== Segment start ==

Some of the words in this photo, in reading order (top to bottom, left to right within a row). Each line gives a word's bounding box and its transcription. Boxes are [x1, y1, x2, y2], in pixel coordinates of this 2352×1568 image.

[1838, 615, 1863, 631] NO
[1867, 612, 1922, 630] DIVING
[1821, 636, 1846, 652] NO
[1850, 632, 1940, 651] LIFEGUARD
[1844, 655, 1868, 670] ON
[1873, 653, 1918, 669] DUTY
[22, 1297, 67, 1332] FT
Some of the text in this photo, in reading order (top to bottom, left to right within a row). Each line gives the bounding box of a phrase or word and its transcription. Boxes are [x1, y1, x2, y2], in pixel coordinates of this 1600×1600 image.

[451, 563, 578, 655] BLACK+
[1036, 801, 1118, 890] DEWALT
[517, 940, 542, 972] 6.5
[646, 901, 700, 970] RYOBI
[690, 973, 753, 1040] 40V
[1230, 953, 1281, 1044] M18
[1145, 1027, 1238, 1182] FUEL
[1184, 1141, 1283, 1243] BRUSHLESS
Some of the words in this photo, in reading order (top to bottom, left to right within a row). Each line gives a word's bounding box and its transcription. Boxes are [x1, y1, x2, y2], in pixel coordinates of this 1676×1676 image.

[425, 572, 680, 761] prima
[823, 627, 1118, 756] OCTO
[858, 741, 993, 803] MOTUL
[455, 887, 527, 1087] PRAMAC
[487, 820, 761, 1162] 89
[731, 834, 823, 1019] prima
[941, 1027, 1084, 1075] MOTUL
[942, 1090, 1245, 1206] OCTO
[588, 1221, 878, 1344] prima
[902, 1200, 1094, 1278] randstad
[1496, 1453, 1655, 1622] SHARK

== Segment end ==

• ASSIGNMENT: Repeat the data verbatim.

• YOUR SOLUTION:
Some of the words in this photo, in reading order (top to bottom, left to right within a row). Each line gives a word's bounding box and its transcription. Boxes are [x1, y1, x2, y2], in pixel coordinates of this 2352×1568 image.

[1838, 615, 1863, 631] NO
[1867, 612, 1922, 630] DIVING
[1821, 636, 1846, 652] NO
[1850, 632, 1940, 651] LIFEGUARD
[1844, 655, 1868, 670] ON
[1873, 653, 1918, 669] DUTY
[22, 1297, 67, 1332] FT
Some of the text in this photo, in reading order (top to bottom, left to right within a row). Each line gives the bounding box of a phrase or word and its transcription. Boxes are [x1, y1, x2, y2], in pixel coordinates of this 1600×1600 image.

[451, 563, 578, 655] BLACK+
[1036, 801, 1118, 890] DEWALT
[517, 940, 542, 972] 6.5
[646, 901, 700, 970] RYOBI
[690, 973, 753, 1040] 40V
[1230, 953, 1281, 1044] M18
[1145, 1027, 1238, 1182] FUEL
[1184, 1141, 1283, 1243] BRUSHLESS
Some of the words in this photo, in reading order (top to bottom, left to right within a row). Each line gives a word's bounding box and its transcription. Boxes are [x1, y1, x2, y2], in pixel coordinates of this 1676×1676 image.

[425, 572, 680, 761] prima
[823, 627, 1118, 756] OCTO
[858, 741, 993, 803] MOTUL
[455, 887, 527, 1087] PRAMAC
[487, 820, 761, 1162] 89
[731, 834, 823, 1019] prima
[941, 1027, 1084, 1075] MOTUL
[942, 1090, 1245, 1206] OCTO
[588, 1221, 878, 1344] prima
[902, 1200, 1094, 1278] randstad
[1496, 1453, 1655, 1622] SHARK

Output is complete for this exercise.